My word, that's brazen. If you're going to copy and paste, at least remember to change the names, guys. Maybe they think anyone watching will be either too young to remember, or will be so bored by the first half they'll just be glad to be reminded of a better movie.

Despite this cynical pilfering, there are some decent action moments on show once the reboot lumbers into its second hour. The highlight is Lara getting stuck in a disintegrating plane suspended over a waterfall, which features various nerve-shredding frying pan/fire scares that feel sweatily real.

Watch this: Lara Croft is a hero for our time

During these action scenes, Vikander's strength is the film's biggest strength. When she's fighting, climbing and dangling -- there's a lot of dangling -- she brings a winning physical grit and vitality to the film. Unfortunately the use of computer-generated effects frequently undercuts that visceral connection to the hero. At one point Lara crashes from a great height into some undergrowth, rolls and comes up running, and you can literally see the join when it switches from CG Lara to the real thing.

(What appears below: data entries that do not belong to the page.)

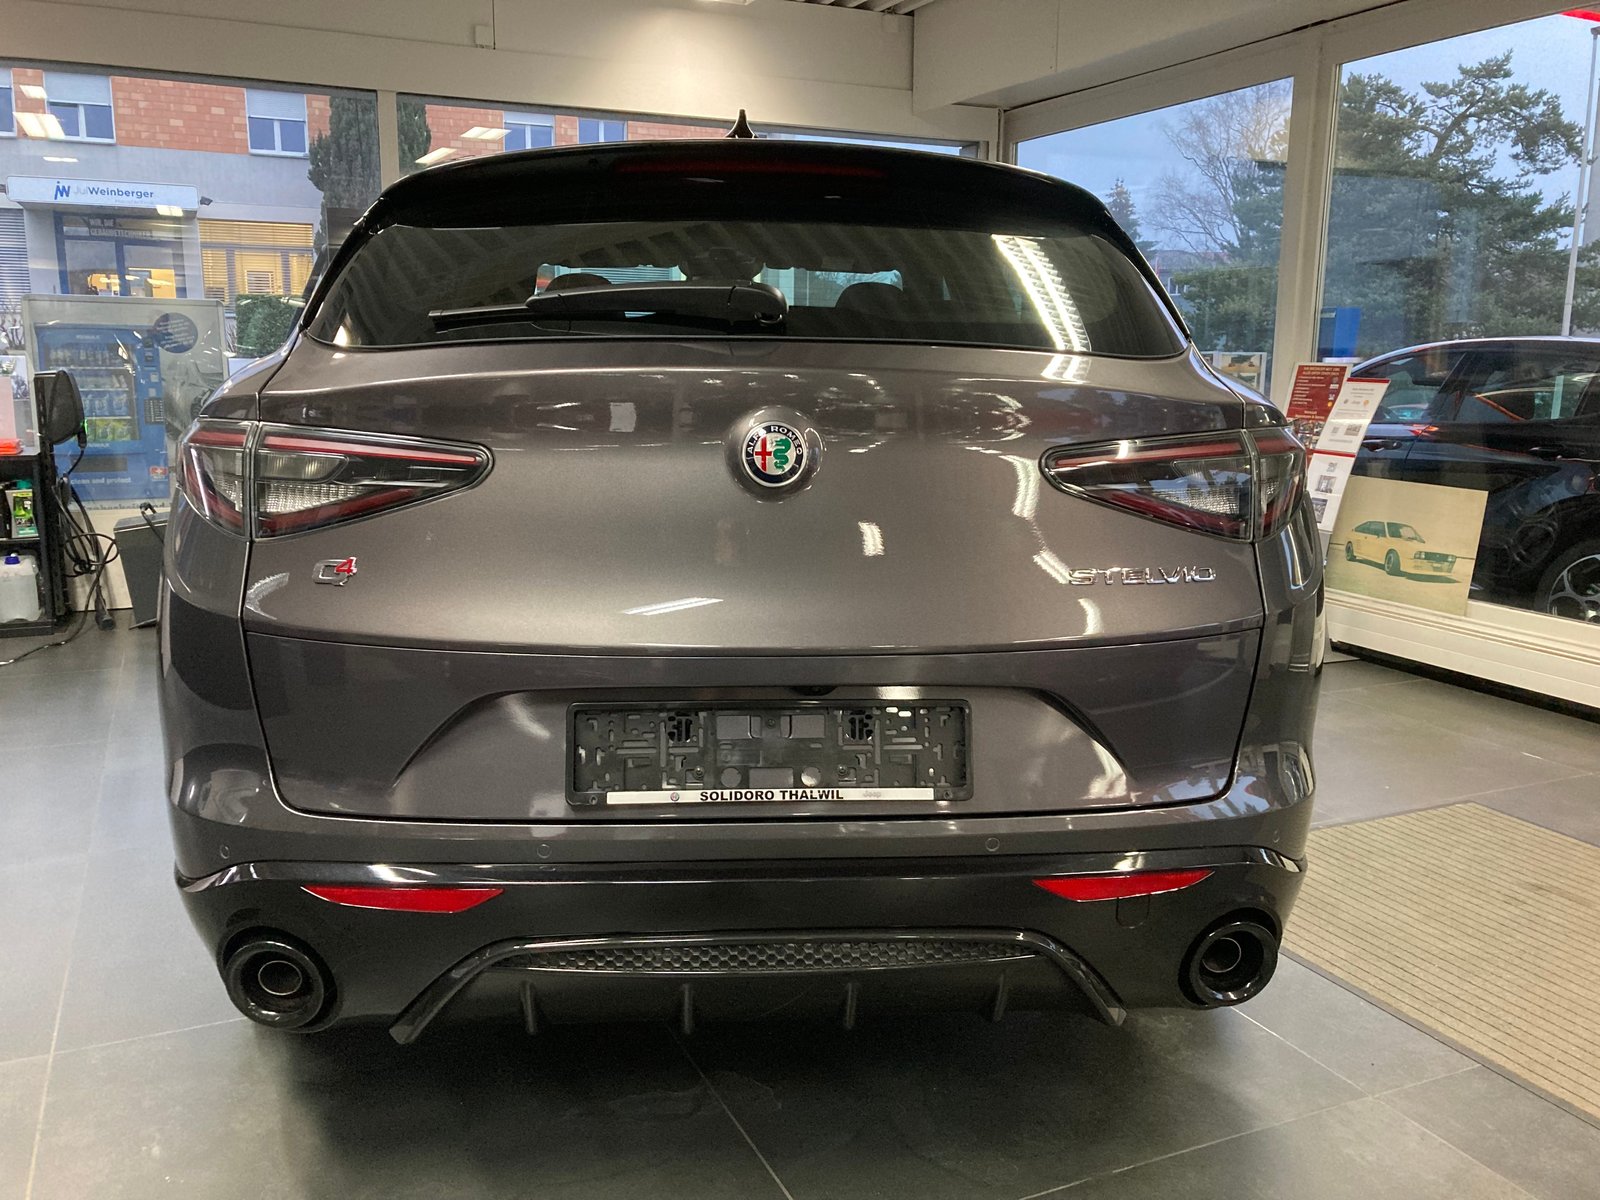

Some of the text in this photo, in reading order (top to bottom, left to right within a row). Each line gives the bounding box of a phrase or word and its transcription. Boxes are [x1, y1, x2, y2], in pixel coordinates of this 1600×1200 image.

[747, 425, 803, 455] ALF ROMEO
[312, 556, 357, 587] Q4
[1068, 566, 1217, 586] STELVIO
[700, 790, 775, 802] SOLIDORO
[780, 789, 844, 801] THALWIL
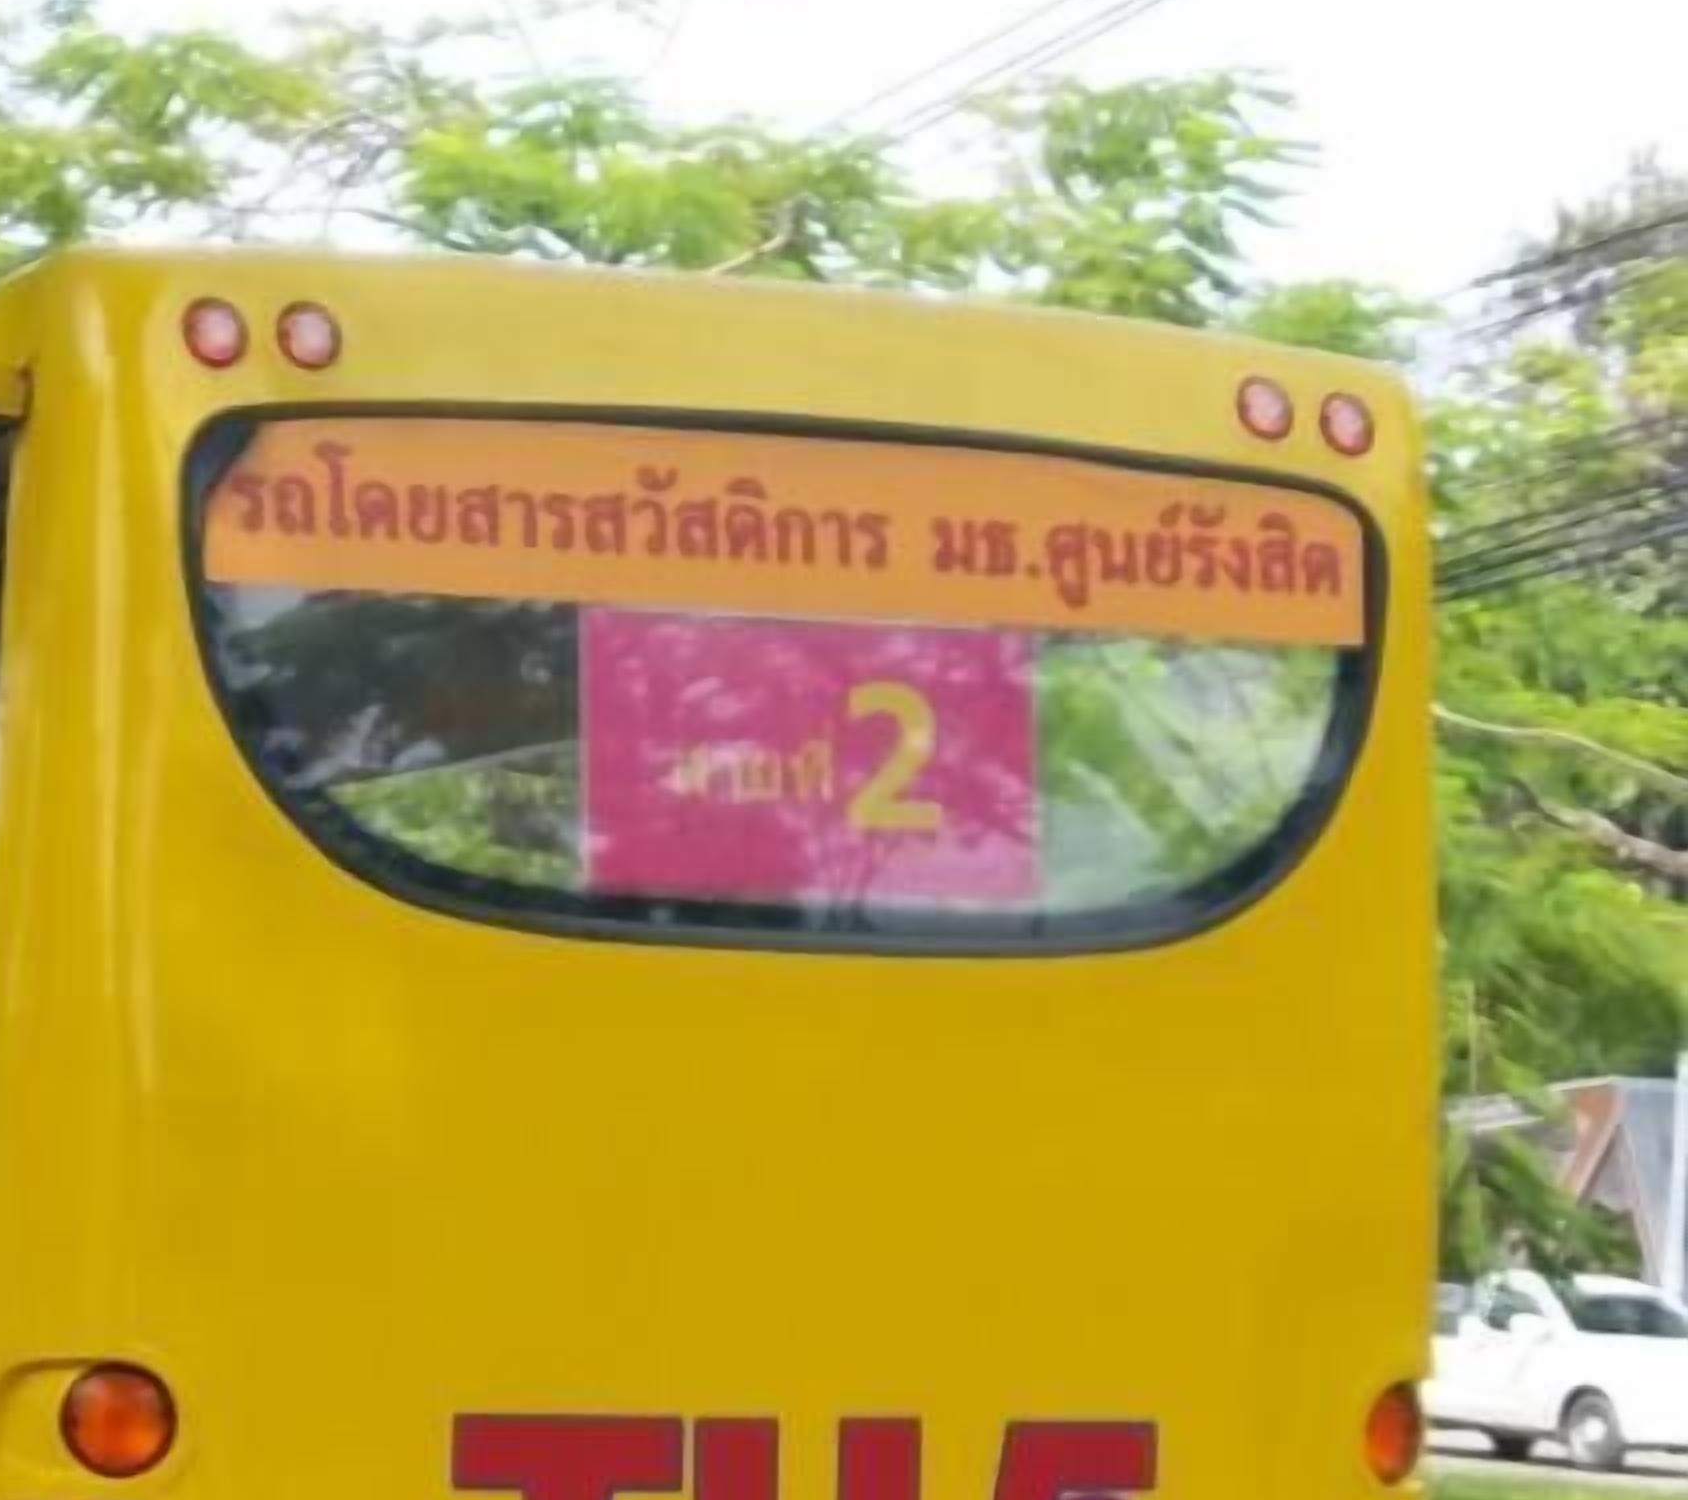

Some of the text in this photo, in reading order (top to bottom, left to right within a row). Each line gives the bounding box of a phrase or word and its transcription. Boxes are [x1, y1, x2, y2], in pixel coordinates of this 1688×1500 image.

So maybe die-hard Lara Croft fans will enjoy the action, when it arrives. Maybe a few people will be inspired to follow Vikander into learning MMA or, I dunno, going back in time to be a totally radical cycle courier. Hey, maybe Vikander's muscular performance will be enough to secure the sequel this film spends so much energy setting up.

But this latest crack at "Tomb Raider" sags with an overstretched first hour, tacked-on action scenes and lackadaisical piracy from better movies. If they do make a sequel, it really needs to level up.